# TASK DIRECTIONS:
Leave out the pictures and print the rest of the entries exactly as they stand.

[Images for object localization]
- Opening Delimiter -
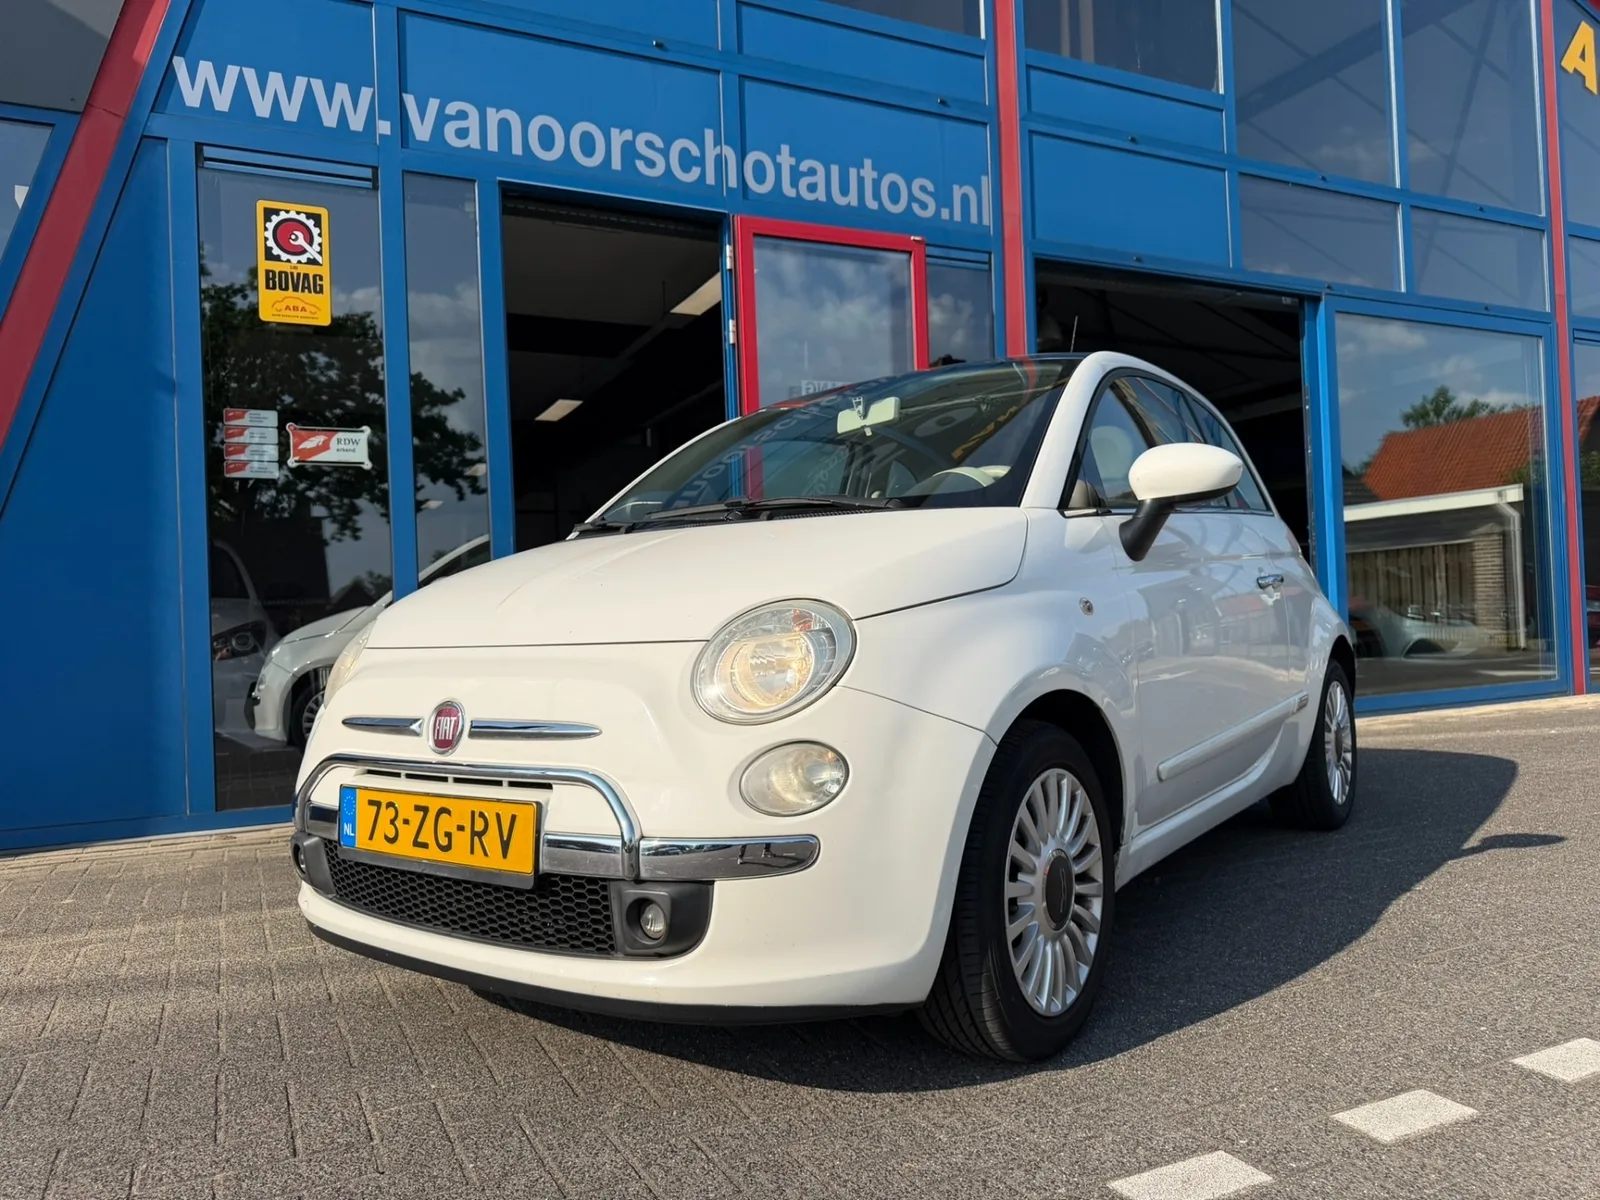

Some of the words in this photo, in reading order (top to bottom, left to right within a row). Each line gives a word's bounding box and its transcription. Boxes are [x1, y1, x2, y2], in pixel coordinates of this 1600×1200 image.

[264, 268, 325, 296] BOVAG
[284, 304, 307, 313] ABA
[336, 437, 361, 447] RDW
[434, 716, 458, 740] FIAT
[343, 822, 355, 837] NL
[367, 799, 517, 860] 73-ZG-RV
- Closing Delimiter -
# FINISHED EXERCISE:
Some of the words in this photo, in reading order (top to bottom, left to right within a row). Each line gives a word's bounding box and its transcription. Boxes are [x1, y1, x2, y2], in pixel coordinates of this 1600×1200 image.

[264, 268, 325, 296] BOVAG
[284, 304, 307, 313] ABA
[336, 437, 361, 447] RDW
[434, 716, 458, 740] FIAT
[343, 822, 355, 837] NL
[367, 799, 517, 860] 73-ZG-RV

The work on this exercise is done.